**Task details**. Every line below needs to be transcribed without alteration, and no image may be carried over.

--- Data supplied Enclosed Below ---

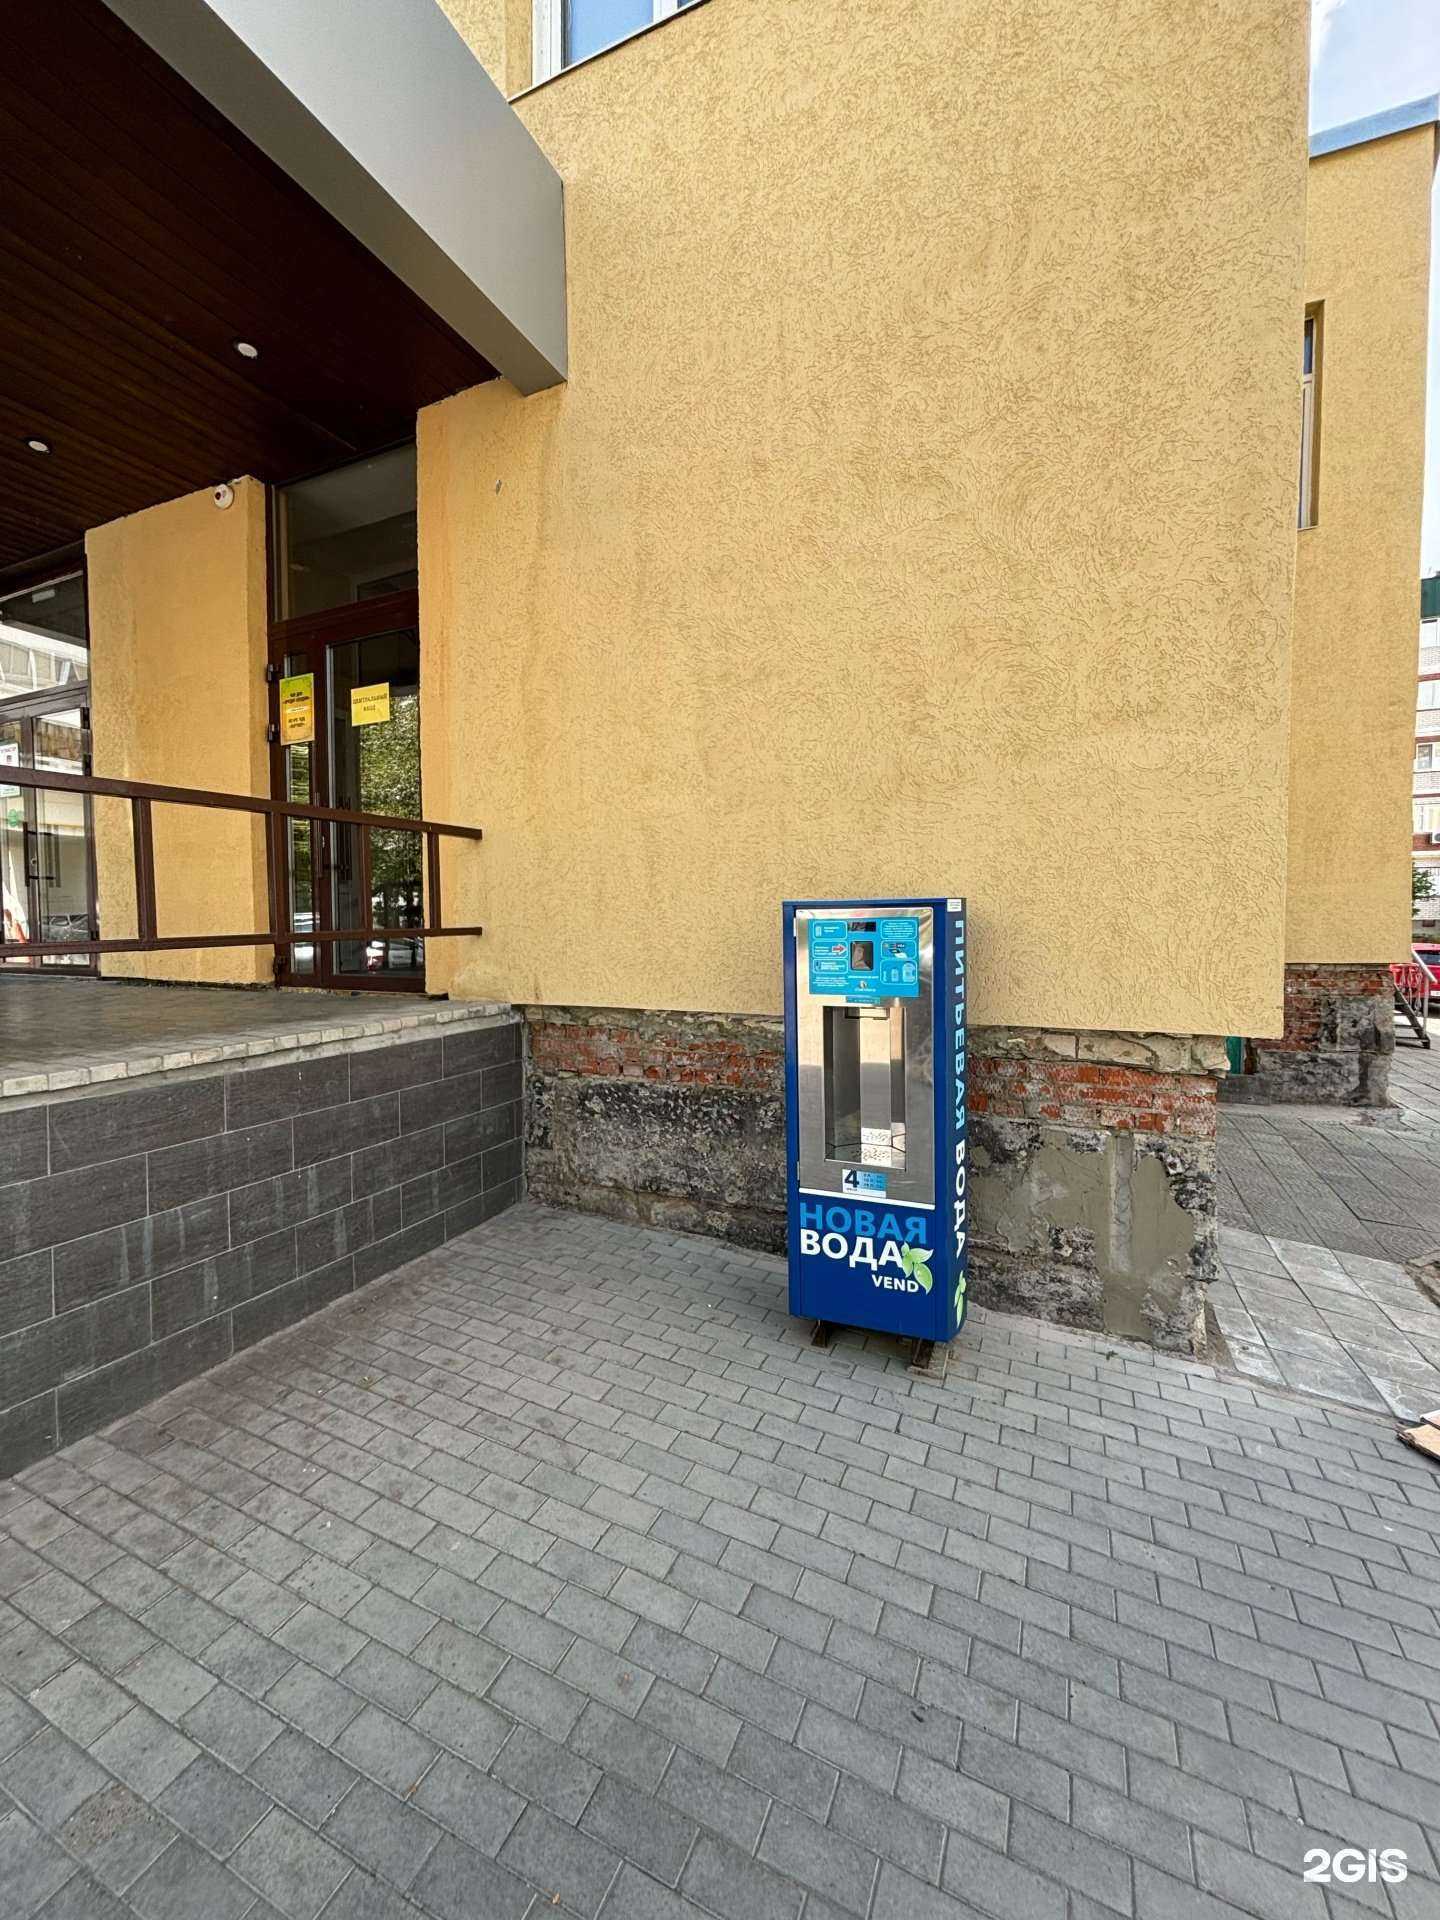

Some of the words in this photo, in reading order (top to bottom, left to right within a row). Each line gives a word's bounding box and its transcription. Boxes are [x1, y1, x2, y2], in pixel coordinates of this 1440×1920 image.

[955, 920, 966, 1130] ПИТЬЕВАЯ
[844, 1170, 860, 1188] 4
[954, 1140, 966, 1259] ВОДА
[800, 1202, 927, 1244] НОВАЯ
[800, 1228, 904, 1271] ВОДА
[871, 1274, 919, 1293] VEND

--- End of Enclosed Data supplied ---

**Written solution**.
Some of the words in this photo, in reading order (top to bottom, left to right within a row). Each line gives a word's bounding box and its transcription. Boxes are [x1, y1, x2, y2], in pixel coordinates of this 1440×1920 image.

[955, 920, 966, 1130] ПИТЬЕВАЯ
[844, 1170, 860, 1188] 4
[954, 1140, 966, 1259] ВОДА
[800, 1202, 927, 1244] НОВАЯ
[800, 1228, 904, 1271] ВОДА
[871, 1274, 919, 1293] VEND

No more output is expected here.